- _TASK ITEM_:
Copy the data that follows exactly as it is, excluding all pictures.

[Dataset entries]
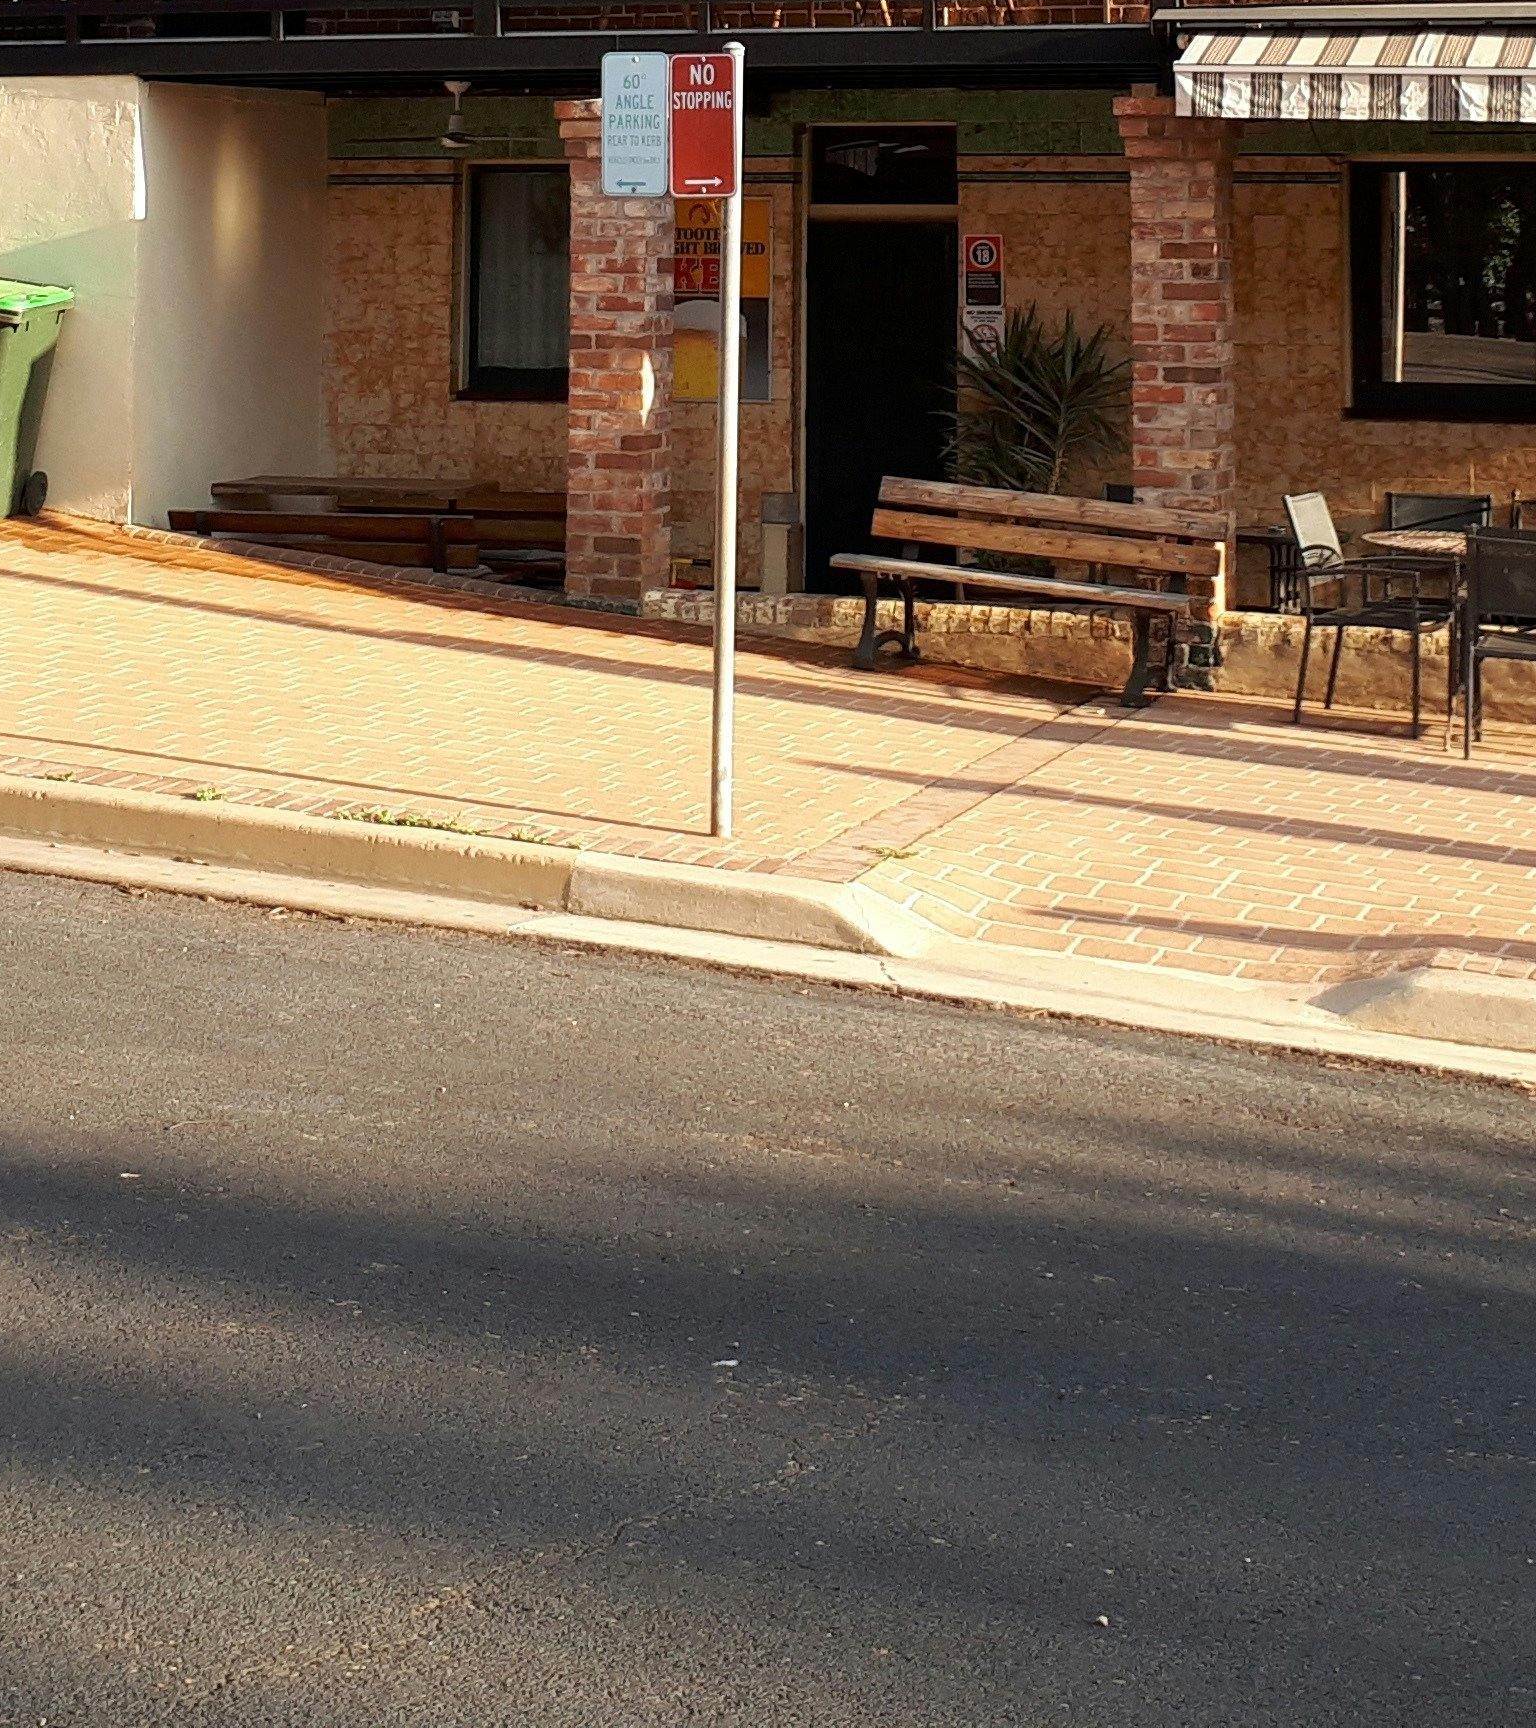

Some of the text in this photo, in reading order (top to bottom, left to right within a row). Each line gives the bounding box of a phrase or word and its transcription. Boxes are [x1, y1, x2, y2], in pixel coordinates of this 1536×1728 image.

[689, 63, 715, 86] NO
[615, 94, 655, 110] ANGLE
[673, 90, 733, 111] STOPPING
[608, 113, 661, 130] PARKING
[607, 134, 662, 147] REAR TO KERB
[975, 249, 990, 263] 18

- _SOLUTION TO THE PROBLEM_:
Some of the text in this photo, in reading order (top to bottom, left to right within a row). Each line gives the bounding box of a phrase or word and its transcription. Boxes are [x1, y1, x2, y2], in pixel coordinates of this 1536×1728 image.

[689, 63, 715, 86] NO
[615, 94, 655, 110] ANGLE
[673, 90, 733, 111] STOPPING
[608, 113, 661, 130] PARKING
[607, 134, 662, 147] REAR TO KERB
[975, 249, 990, 263] 18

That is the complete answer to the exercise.